А. ЗАХАРОВ: Люди тогда уже были и выжили, значит, всё не настолько смертельно? 

А. ОГАНОВ: Никто не знает, поскольку никто из ныне живущих людей через это не проходил, письменных свидетельств нет. Но полагают, что когда такой период происходит, когда магнитное поле ноль или около того, то продолжительность жизни падает, какие-то более-менее массовые вымирания, не как на границе мезозоя и кайнозоя было вымирание динозавров, но микровымирания, растёт заболеваемость. По оценкам, не так много осталось ждать, сколько-то столетий, людям придётся это испытать. 

М. БАЧЕНИНА: А из-за чего случается инверсия полюсов? 

А. ОГАНОВ: Никто точно не знает. 

М. БАЧЕНИНА: Они меняют заряды? 

А. ЗАХАРОВ: Зарядов там нет. 

А. ОГАНОВ: Северный становится южным, а южный – северным. 

А. ЗАХАРОВ: У магнита есть красный и синий куски, они меняются местами. 

А. ОГАНОВ: Северная стрелка магнита через 10 тысяч лет будет показывать на юг. 

М. БАЧЕНИНА: Это крутое объяснение. 

А. ЗАХАРОВ: Это важнее, наверное, в будущем не для биологии, а для нашей техники, потому что солнечное излучение на протяжении 100 лет воздействует на всю нашу чувствительную электротехническую аппаратуру. Или мы не можем предугадать? 

А. ОГАНОВ: Мы не знаем, никто оттуда не возвращался. 

М. БАЧЕНИНА: В свете Вашего рассказа, как тогда понимать природу магнитной бури? 

А. ОГАНОВ: Про это я ничего не знаю, дезинформировать Вас не будут. Это что-то связанное с Солнцем, всплески магнитного поля на Солнце. Это всё, что я могу предположить. 

М. БАЧЕНИНА: Видимо, оно возмущает наш магнитный щит. Ладно, это мои догадки. А если приблизиться к ядру, как его вообще изучают, как поняли, что там движение масс происходит, как поняли, в каком виде эти элементы там? 

А. ЗАХАРОВ: Это же не чисто теория, есть экспериментальные подтверждения? 

А. ОГАНОВ: Прямых экспериментальных подтверждений, наверное, нет, а непрямые есть. Мы можем получать какие-то сигналы из ядра Земли, например, сейсмические. Когда сейсмическая волна продуцированная землетрясением или ядерным взрывом, когда люди проводили реальные ядерные испытания, сейчас это отменено, акустическая, взрывная, упругая волна распространяясь внутри Земли, имеет определённую траекторию. Если вы запишите время прибытия этой сейсмической волны в разные сейсмические станции, расположенные довольно густо на поверхности Земли, сможете реконструировать многие свойства того вещества, через которое сейсмическая волна прошла. Можно понять распределение плотности в Земле, распределение давления, с какой скоростью сейсмическая волна проходила через тот или иной участок. Люди поняли, что сейсмические волны проходят сквозь Землю, а волны бывают продольные и поперечные, в твёрдом теле могут распространяться и те, и другие, в жидкости – только продольные. И когда поняли, что поперечные волны гасятся во внешнем ядре Земли, стало понятно, что оно жидкое. 

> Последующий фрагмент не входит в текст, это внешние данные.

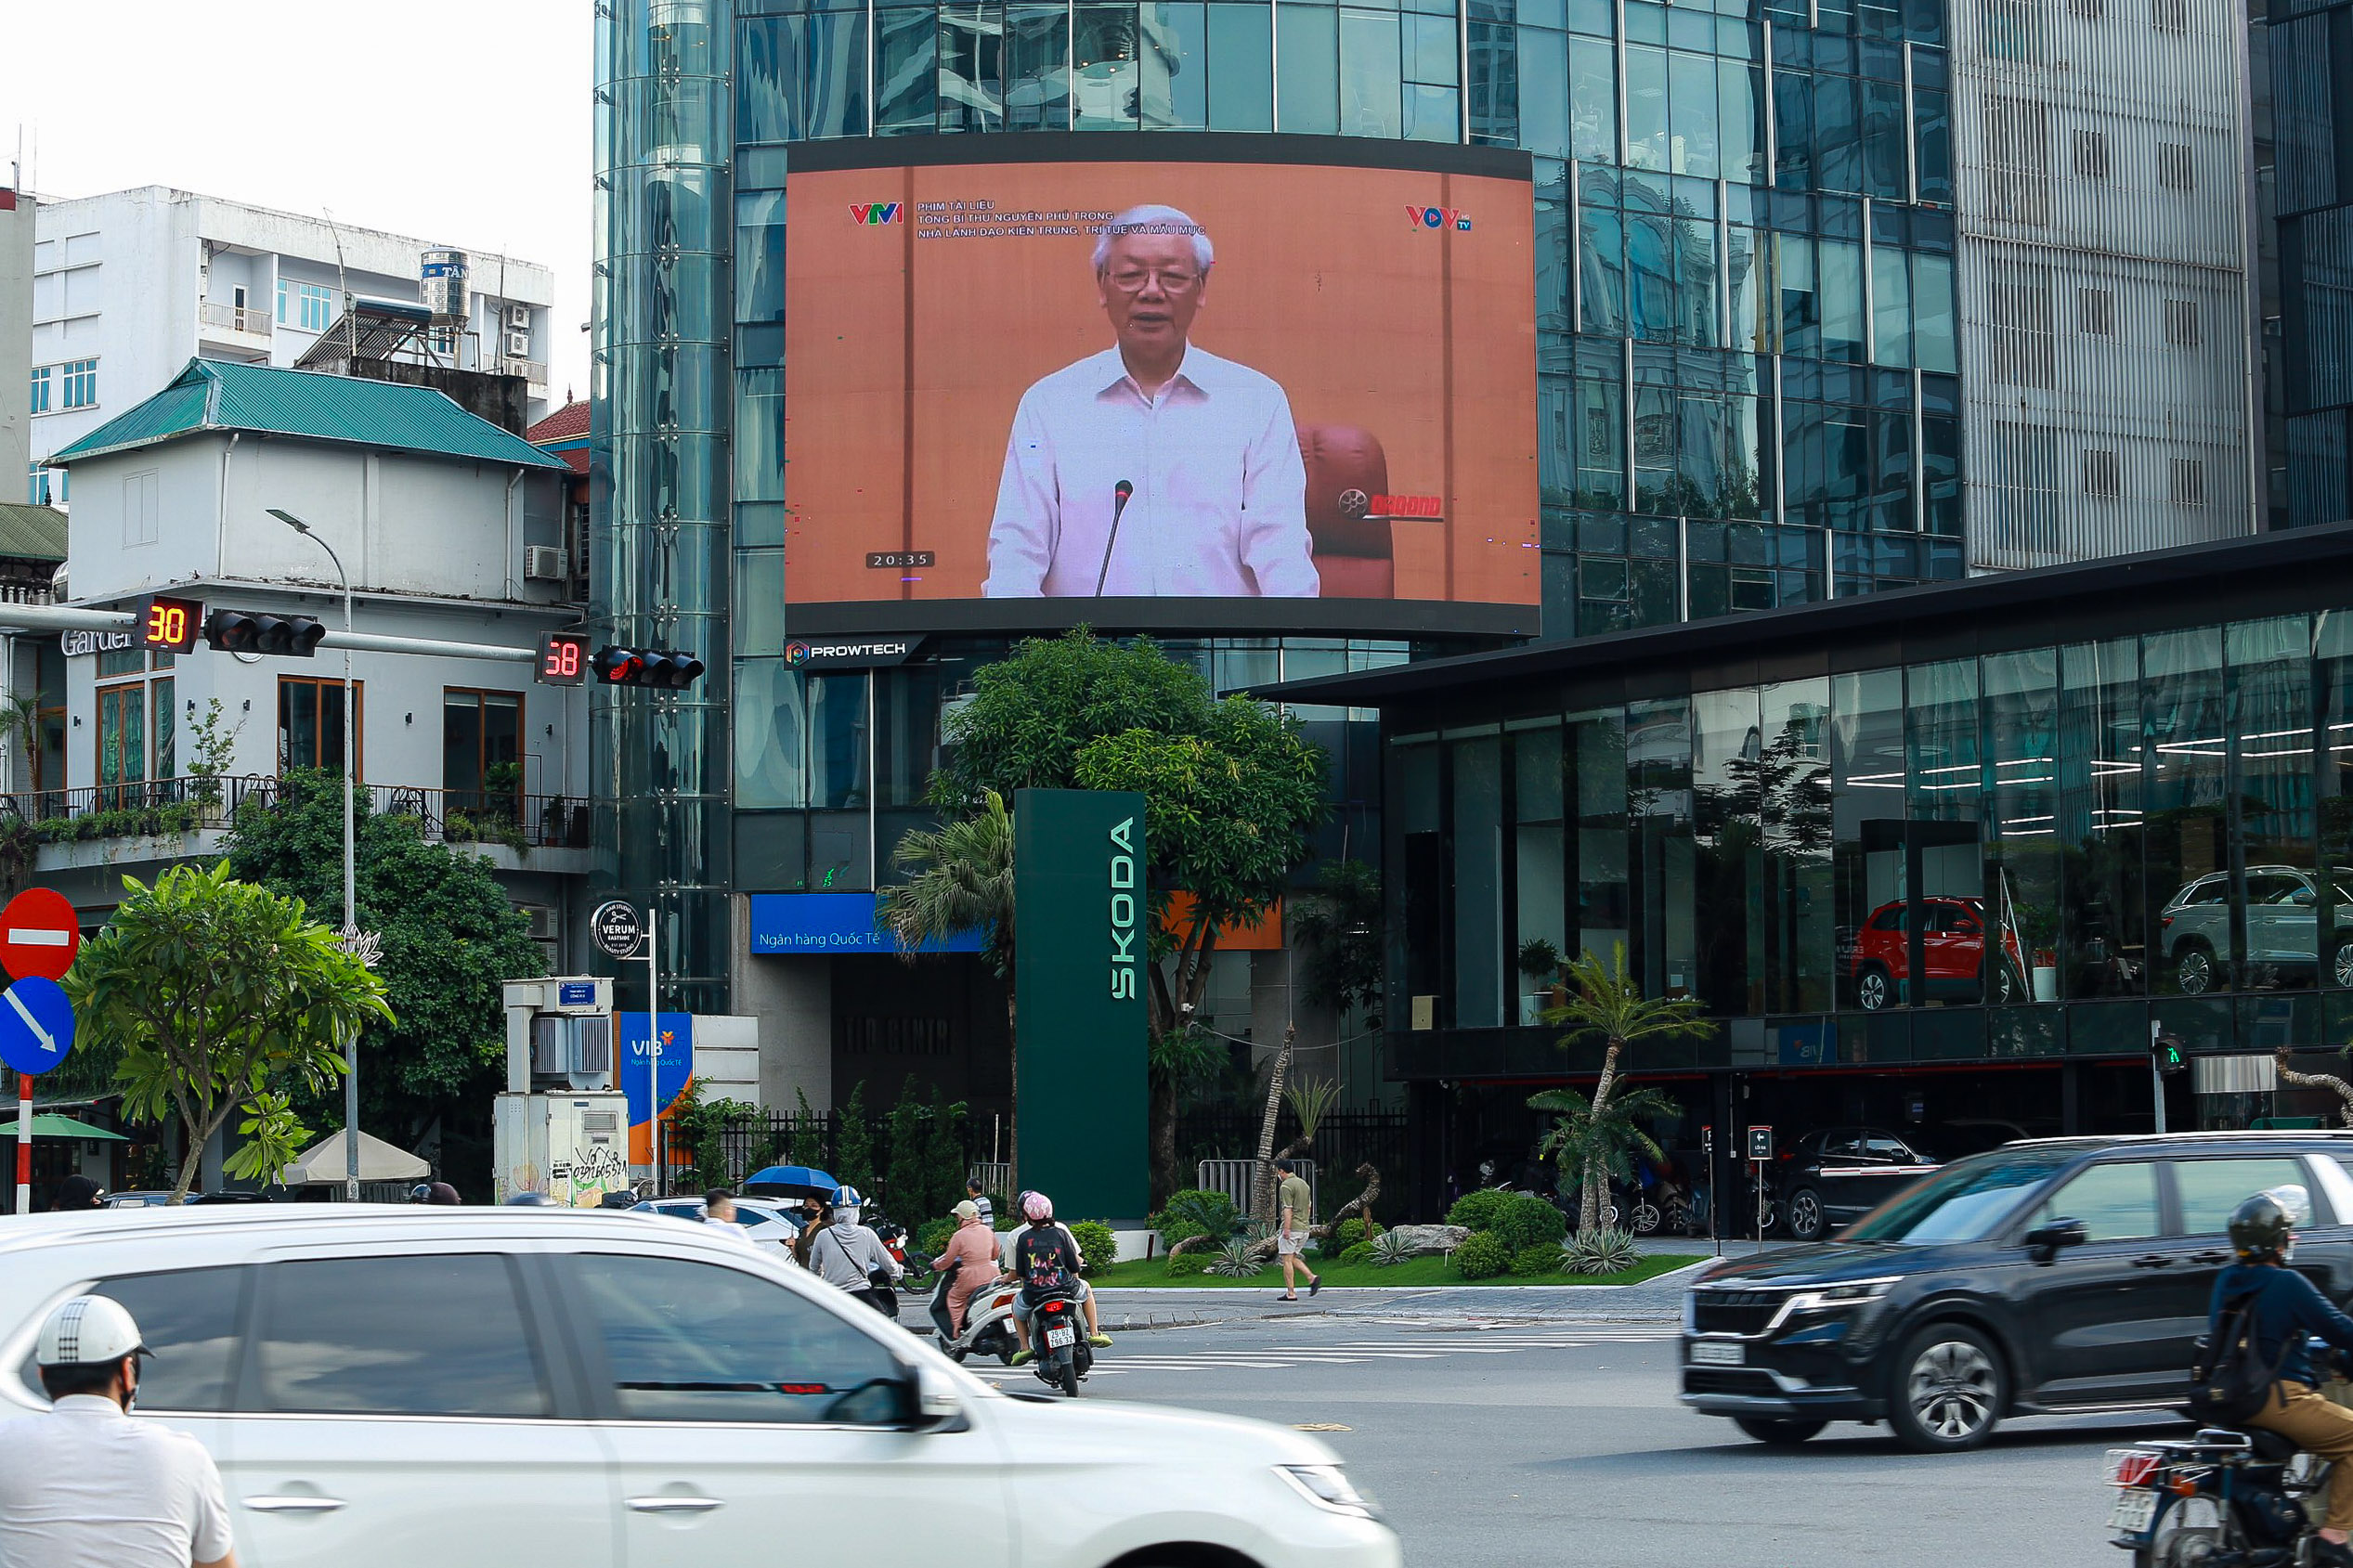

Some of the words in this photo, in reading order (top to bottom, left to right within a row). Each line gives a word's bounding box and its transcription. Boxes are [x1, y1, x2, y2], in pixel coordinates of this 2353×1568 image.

[917, 201, 945, 212] PHIM
[948, 200, 966, 211] TÀI
[969, 200, 994, 211] LIỆU
[953, 213, 964, 224] BÍ
[968, 213, 992, 224] THƯ
[1046, 210, 1070, 221] PHÚ
[1073, 211, 1113, 222] TRỌNG
[918, 227, 942, 239] NHÀ
[979, 227, 1005, 239] ĐẠO
[1037, 226, 1081, 236] TRUNG,
[1084, 224, 1103, 235] TRÍ
[1105, 225, 1128, 236] TUỆ
[1130, 223, 1147, 234] VÀ
[1178, 225, 1206, 236] MỰC
[1458, 221, 1470, 229] TV
[874, 554, 928, 566] 20:35
[147, 606, 185, 643] 30
[811, 643, 906, 657] PROWTECH
[603, 925, 635, 934] VERUM
[760, 934, 792, 949] Ngân
[795, 933, 826, 948] hàng
[829, 931, 863, 946] Quốc
[631, 1040, 663, 1056] VIB

М. БАЧЕНИНА: Артём, если это давление вокруг нас невозможно теоретически, зачем тогда тратить на это время, деньги, здоровье, изучать ситуации высоких давлений? 

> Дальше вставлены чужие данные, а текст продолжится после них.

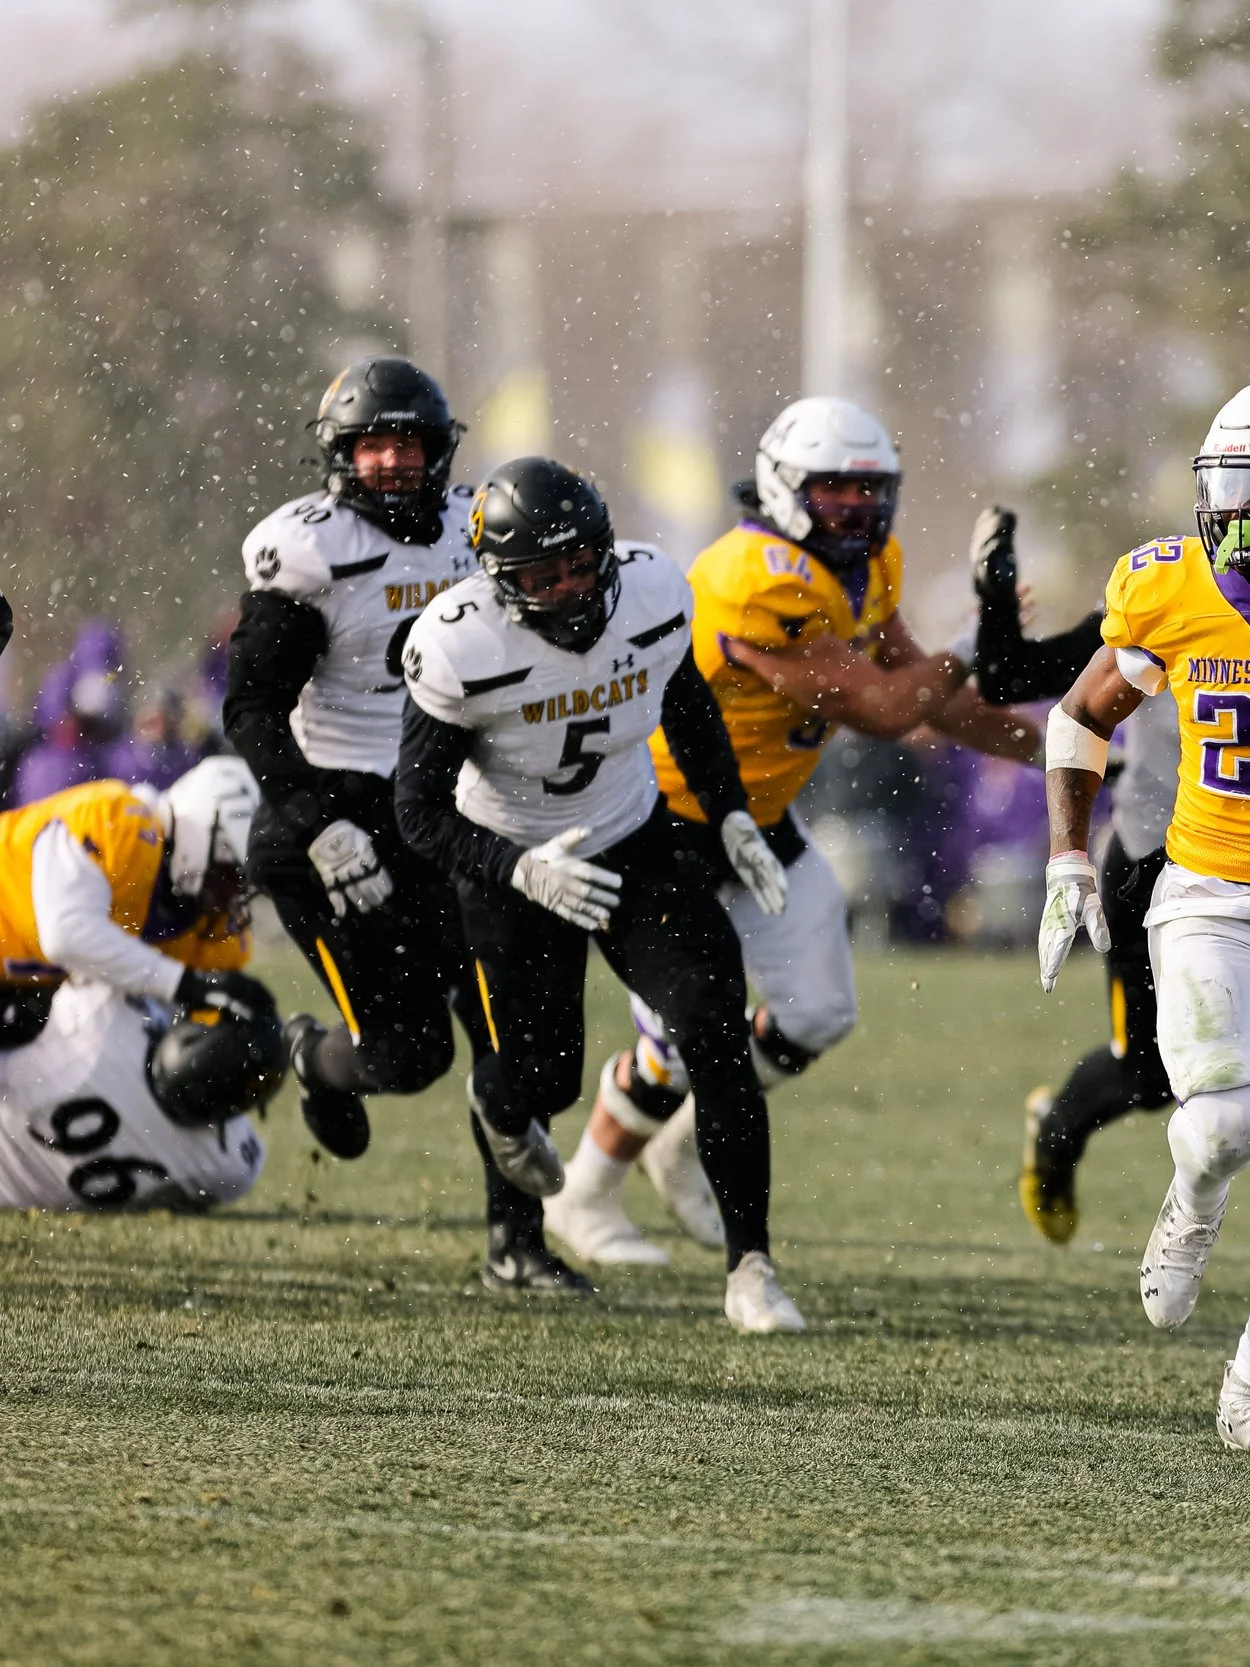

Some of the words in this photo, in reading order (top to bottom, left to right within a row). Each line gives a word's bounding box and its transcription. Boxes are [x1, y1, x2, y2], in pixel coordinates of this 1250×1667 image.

[440, 601, 479, 623] 5
[521, 668, 649, 724] WILDCATS
[542, 715, 611, 796] 5
[26, 1097, 171, 1206] 96

А. ОГАНОВ: Мы изучаем материалы под высоким давлением из фундаментального интереса, те самые горящие любопытством глаза детей. Понять, из чего состоят планеты, интересно же. Если вы это поймёте, лучше поймёте природу тектоники плит, дрейф континентов, землетрясений, магнитного поля. 

А. ЗАХАРОВ: Возможно, предскажем, когда именно у нас поменяются полюса, почему поменяются. 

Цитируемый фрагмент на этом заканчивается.